Crace looked at the pile of mail with disgust and then realized the violence of his outburst.
“Sorry. I—”
“Would you rather I weed out such inquiries?”
“Oh, would you? That would be marvellous,” he said. “In fact, you could probably throw most of them away.”
He paused.
“Although I’m sure it’s mostly rubbish, you’ll probably find the occasional check from my publisher, which I suppose will come in useful. To be honest, if I didn’t need the money, I’d rather burn the checks. Damned royalties keep rolling in, a constant reminder.”
Crace’s eyes misted over. Silence.
“Of what?” I asked quietly.
He pursed his lips, was about to speak and then decided against it.
“Oh, nothing, nothing,” he said, trying to smile. “A reminder of my previous foolishness, that’s all.”
“I’ll start on these right away,” I said, gesturing toward the letters. “Don’t worry, I’ll soon have it sorted out.”
Before disappearing to read, Crace had given me a paper knife and, slowly, I started on the mass of correspondence. I began at the top of the pile, working my way downward, looking for both checks and requests of a biographical nature. I was also curious to find out more about Crace.

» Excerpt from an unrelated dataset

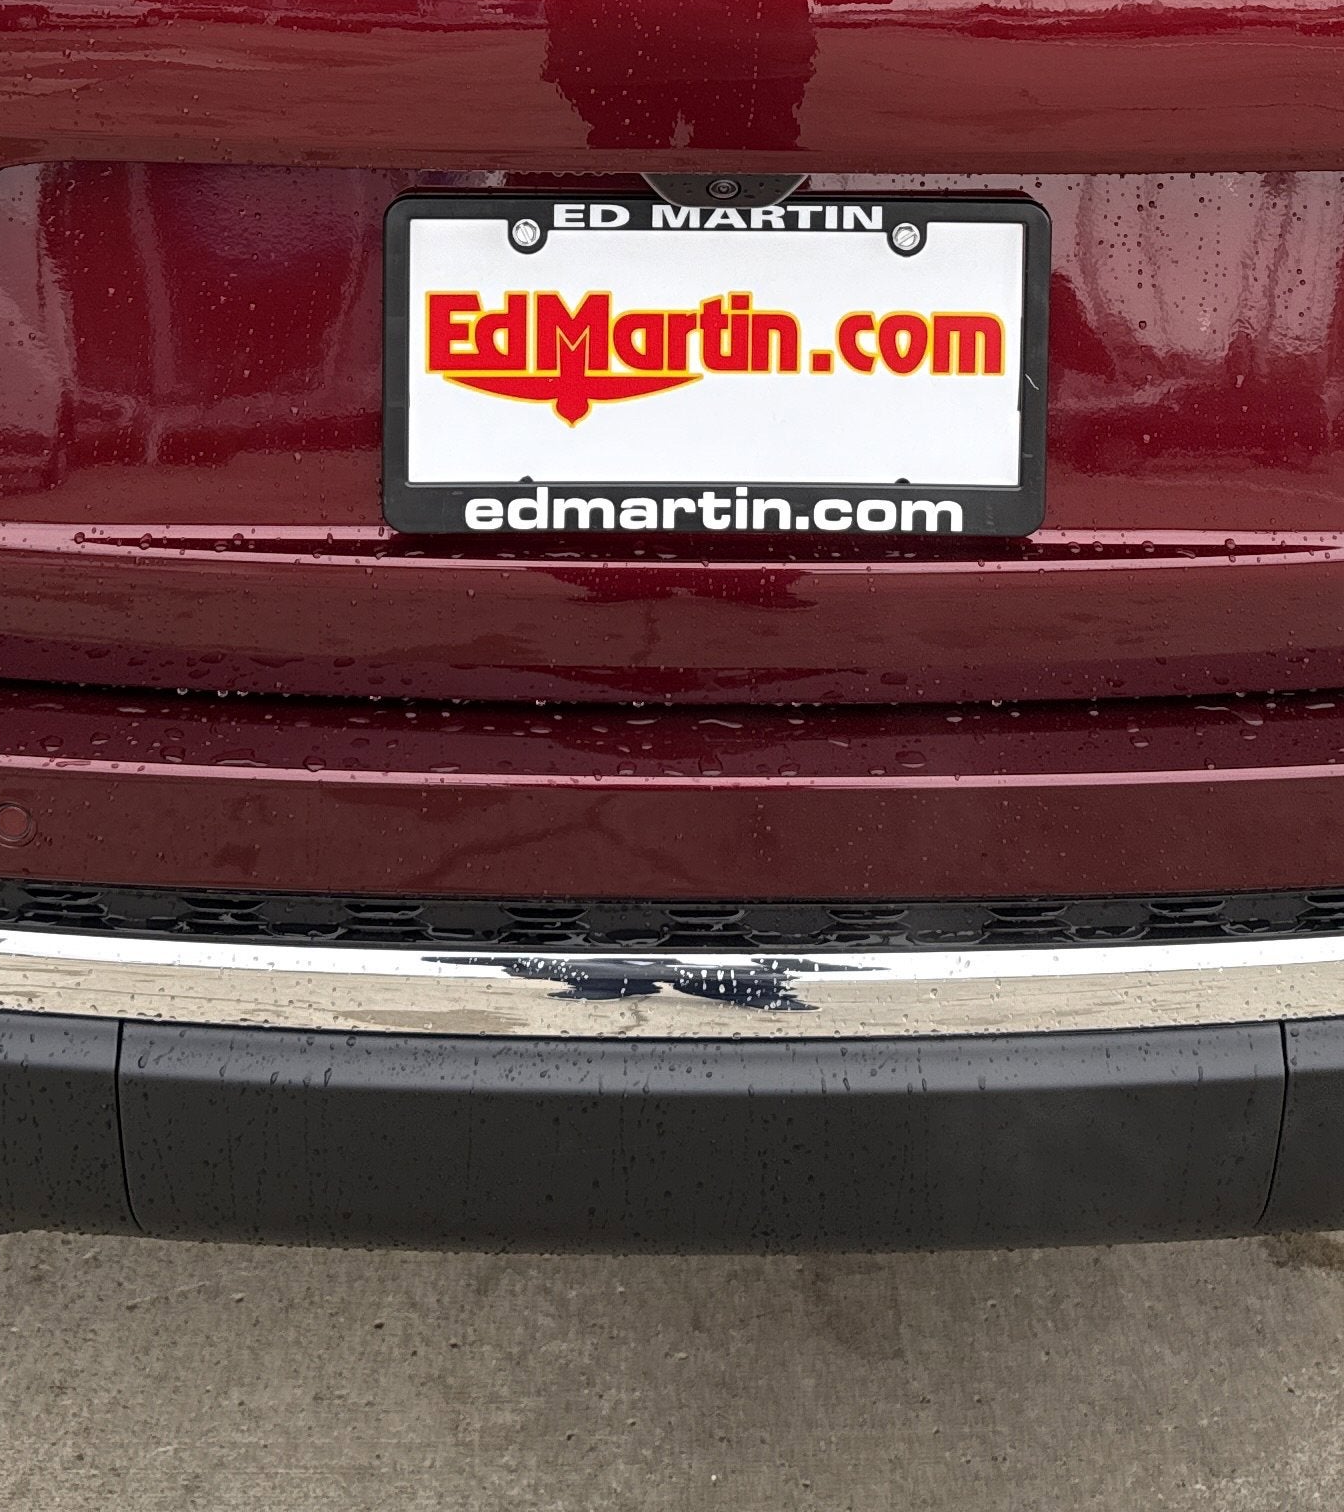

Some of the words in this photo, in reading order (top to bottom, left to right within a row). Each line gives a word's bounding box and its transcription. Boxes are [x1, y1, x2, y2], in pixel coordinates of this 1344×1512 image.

[553, 204, 630, 229] ED
[651, 204, 884, 230] MARTIN
[424, 291, 1006, 376] EdMartin.com
[464, 486, 964, 532] edmartin.com

I sliced into the letters, scanning them quickly to see whether they contained anything of importance. Although they were mostly the usual, predictable dross that Crace had suggested, one of the letters, in an expensive buttermilk-colored vellum envelope, stood out. The handwritten note was written on headed notepaper, and the name—Lavinia Maddon—and the address and telephone number were embossed in black ink at the top.
47a Eaton Square
London
SWI
Dear Gordon Crace,
I am so sorry to have to write to you once again, but perhaps you didn’t receive my letter of 12 February. In case that letter went astray, let me outline what I had written.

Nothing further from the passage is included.